Sent from my iPhone using Tapatalk
 

meliffy18

Cathlete
Hi everyone! I'm a physical therapist and I treat patients with tennis/golfer's elbow quite frequently. While eccentric wrist and elbow exercises coupled with forearm and bi/tri/wrist stretches may help alleviate your condition, the more severe symptoms should not be self-diagnosed or corrected on your own, as you could put more force on the tendons/ligaments. There could also be compensations somewhere else (usually through the shoulder/shoulder blade) that could partly be contributing to the problem, and individualized exercises could address this to prevent the issue in the future. A lot of states now allow physical therapists to see patients without a prescription from an MD, but its pretty easy to get one if needed. A PT can set you up with an exercise program and even start you on your journey for lifting heavy again, especially if you address it early.

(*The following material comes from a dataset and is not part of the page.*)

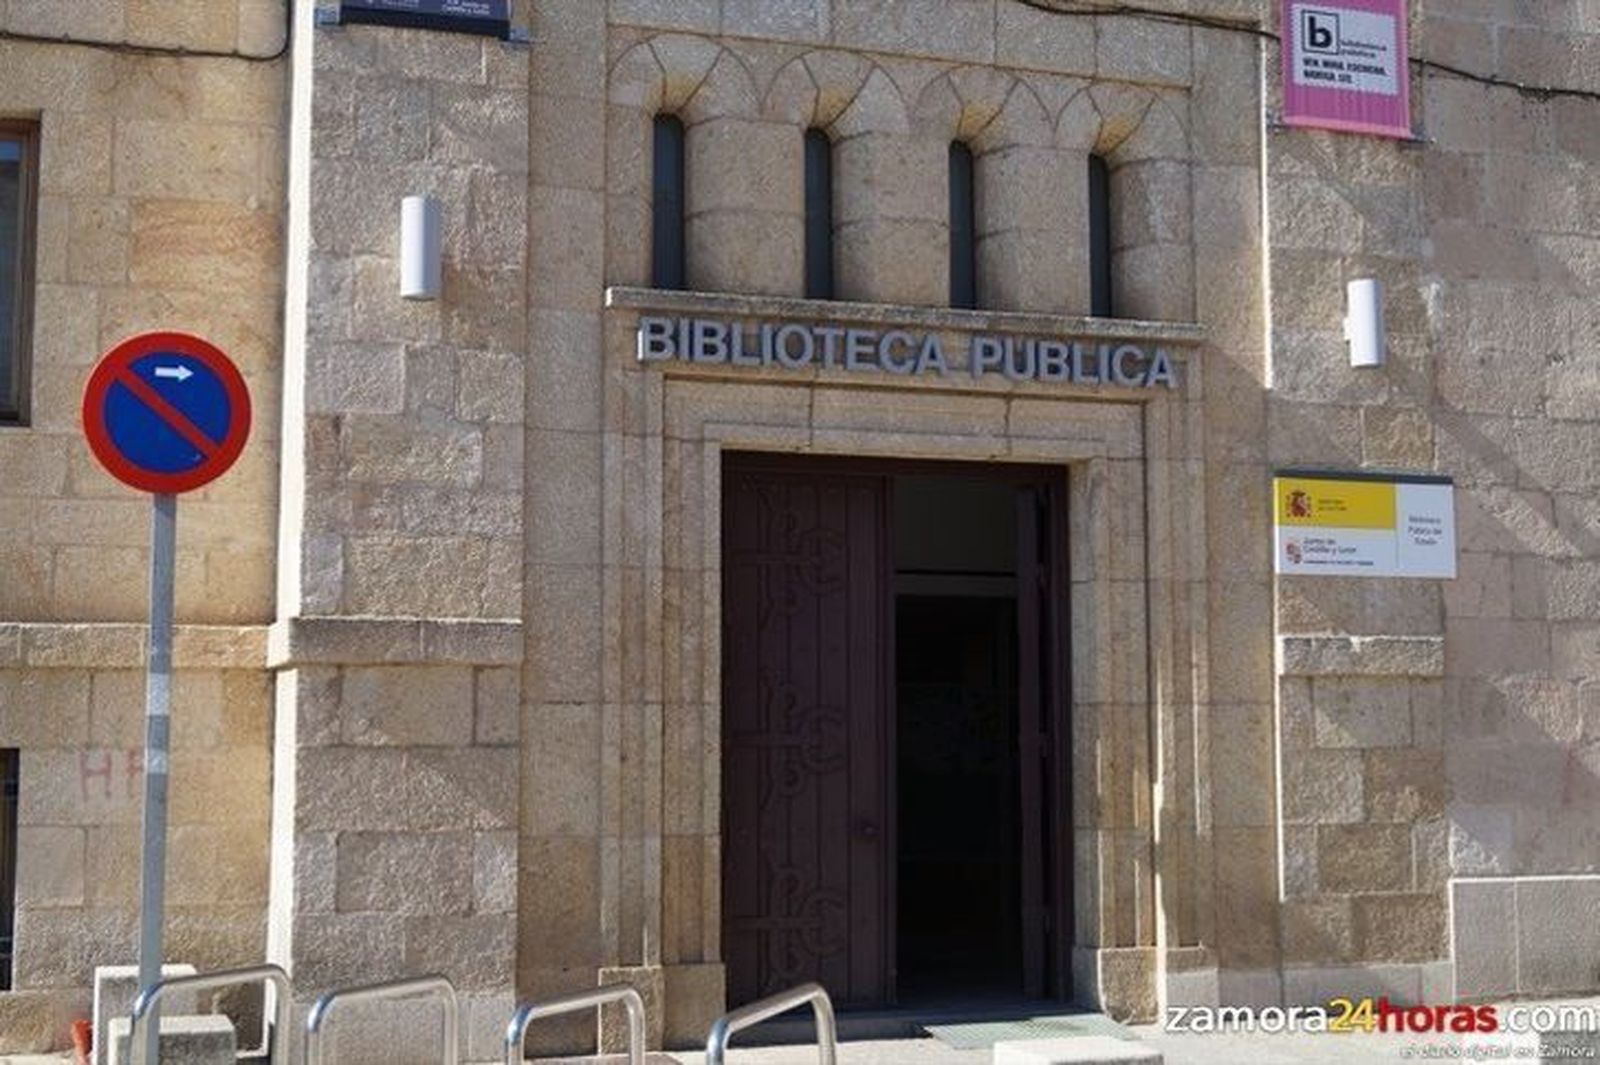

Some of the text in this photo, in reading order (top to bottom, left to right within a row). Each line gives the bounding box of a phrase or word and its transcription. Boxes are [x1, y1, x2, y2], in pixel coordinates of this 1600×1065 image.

[1308, 15, 1332, 48] b
[637, 314, 1177, 389] BIBLIOTECA PUBLICA

I don't mean to sound preachy on here, but I don't advise looking up exercises on the web and self-prescribing, especially when you're in pain; there could be compensations going on of just not getting the most effective treatment for your individual needs. Not all routines are cut out for everyone, despite having the same ailment.

If anyone has any questions, please feel free to PM me! I love this stuff (I should since I do it for a living lol) and I really love helping people reach their wellness goals despite injury!
 
I don't mean to sound preachy on here, but I don't advise looking up exercises on the web and self-prescribing, especially when you're in pain; there could be compensations going on of just not getting the most effective treatment for your individual needs. Not all routines are cut out for everyone, despite having the same ailment.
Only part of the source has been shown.